Problem description: Without the pictures, write the listing below out again, line for line.

Records shown:

═══

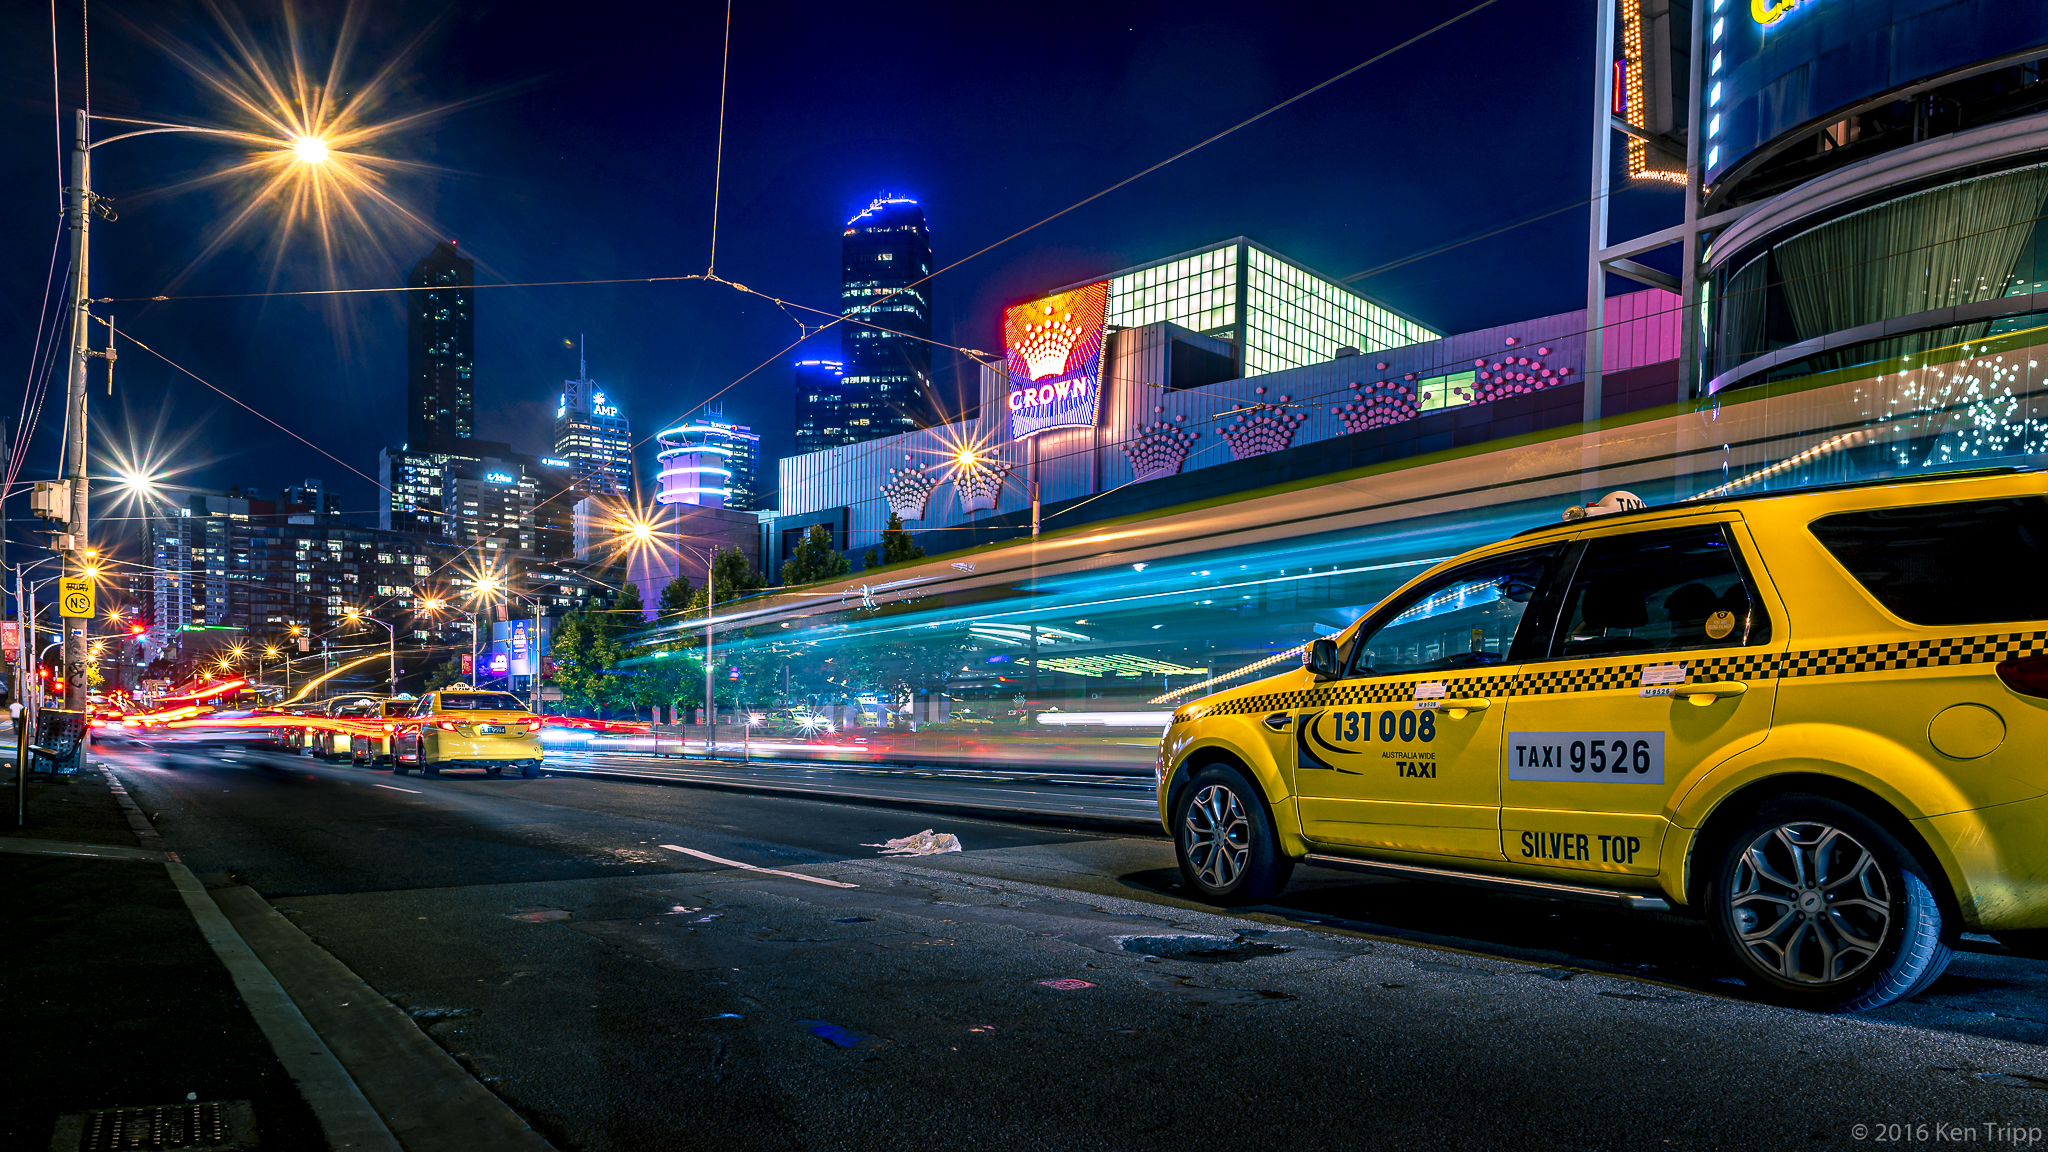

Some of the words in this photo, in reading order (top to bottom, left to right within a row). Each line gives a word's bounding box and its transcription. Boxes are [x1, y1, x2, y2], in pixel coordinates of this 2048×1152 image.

[1008, 376, 1088, 411] CROWN
[593, 405, 618, 417] AMP
[70, 597, 86, 609] NS
[1333, 711, 1371, 742] 131
[1379, 710, 1436, 743] 008
[1381, 752, 1417, 760] AUSTRALIA
[1418, 752, 1436, 760] WIDE
[1515, 744, 1562, 768] TAXI
[1569, 739, 1651, 775] 9526
[1396, 761, 1436, 778] TAXI
[1521, 831, 1590, 862] SILVER
[1598, 835, 1641, 864] TOP

═══

Solution:
Some of the words in this photo, in reading order (top to bottom, left to right within a row). Each line gives a word's bounding box and its transcription. Boxes are [x1, y1, x2, y2], in pixel coordinates of this 2048×1152 image.

[1008, 376, 1088, 411] CROWN
[593, 405, 618, 417] AMP
[70, 597, 86, 609] NS
[1333, 711, 1371, 742] 131
[1379, 710, 1436, 743] 008
[1381, 752, 1417, 760] AUSTRALIA
[1418, 752, 1436, 760] WIDE
[1515, 744, 1562, 768] TAXI
[1569, 739, 1651, 775] 9526
[1396, 761, 1436, 778] TAXI
[1521, 831, 1590, 862] SILVER
[1598, 835, 1641, 864] TOP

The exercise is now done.